Tre fabbriche, tre destini dai quali dipende il presente e il futuro di migliaia di dipendenti, e quindi di famiglie della Conca ternana e oltre, in questo momento di crisi generalizzata e severa in atto da molto tempo e la cui soluzione positiva non sembra tanto vicina.
La Sangemini acque minerali, il cui fallimento sembrava imminente, ha forse trovato un salvatore, un acquirente costituito da un gruppo di aziende interessate alle acque minerali che ha come capogruppo la Norda e un forte appoggio finanziario da Unicredit. Il piano industriale per il rilancio è ora all’esame del Tribunale e si hanno fondatissime speranze per l’approvazione.
Un’azienda, invece, che si trova ora nel pieno della crisi è la Sgl Carbon di Narni Scalo. C’è il rischio che venga chiusa perché la multinazionale proprietaria – con sede in Germania – pare abbia questa intenzione. La fabbrica ha di molto ridotto la produzione, e la metà dei lavoratori è in cassa integrazione.
I sindacati stanno mettendo in atto tutte le azioni possibili per il mantenimento dell’azienda, con l’appoggio di tutte le istituzioni. C’è stato uno sciopero generale nel Comune di Narni, con in testa il Sindaco. Anche il Governo nazionale si è mosso in difesa del sito di Narni, dichiarando la necessità che rimanga in Italia in quanto necessario all’industria nazionale. Per intanto, anche per la Sgl Carbon si sta trovando un acquirente.
Una vicenda quasi incomprensibile sta accadendo per le Acciaierie di Terni. Due anni fa, l’Ast è stata venduta, compreso il Tubificio con i centri servizi e commerciali, dalla ThyssenKrupp alla Outukumpu finlandese. L’Antitrust europeo ha fatto obbligo a questa di vendere a sua volta l’Ast per ragioni antimonopolistiche, ed è cominciata la ricerca del compratore. Alla fine del secondo anno, il compratore era stato individuato nella cordata italo-francese Aperam-Arvedi-Marcegaglia, e si aspettava da un momento all’altro la firma del contratto con il nuovo acquirente.

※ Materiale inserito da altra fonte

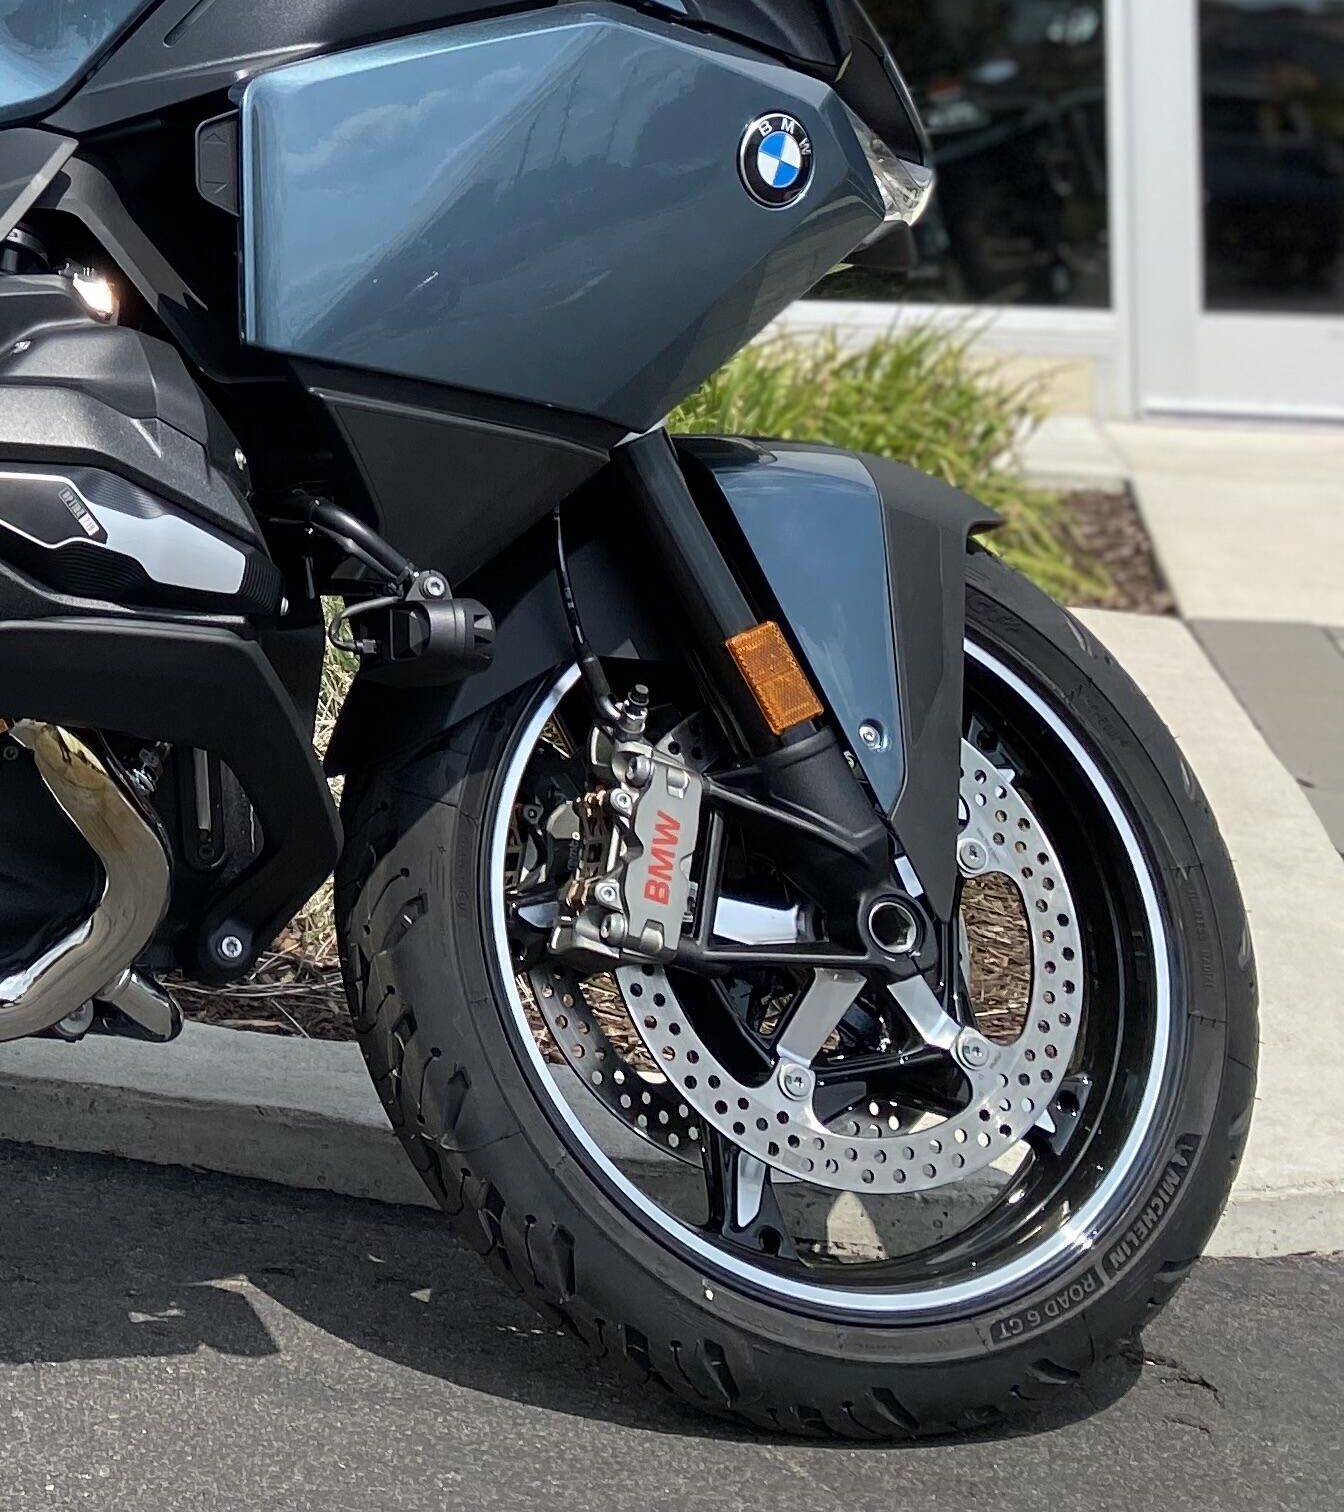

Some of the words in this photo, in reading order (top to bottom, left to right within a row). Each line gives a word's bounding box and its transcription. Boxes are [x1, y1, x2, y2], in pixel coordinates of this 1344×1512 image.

[758, 117, 812, 156] BMW
[643, 810, 683, 906] BMW
[1107, 1166, 1181, 1268] MICHELIN
[1044, 1274, 1097, 1319] ROAD
[998, 1318, 1024, 1339] GT
[1025, 1310, 1041, 1327] 6

Colpo di scena finale, la diffusione della notizia che l’Ast era stata rivenduta alla ThyssenKrupp. Le ragioni non sono state rivelate, ma sono intuibili e non rassicuranti: come può la Tk avere interesse a ricomprare l’Ast che era stata venduta perché non le interessava più la produzione di acciaio inossidabile? La cosa non è chiara, i sindacati sono inquieti e chiedono spiegazioni. Il Governo si muova. Ne va di mezzo un’intera città e territorio, anzi migliaia di esseri umani che dovrebbero essere sempre al centro di qualsiasi azione anche economico-finanziaria.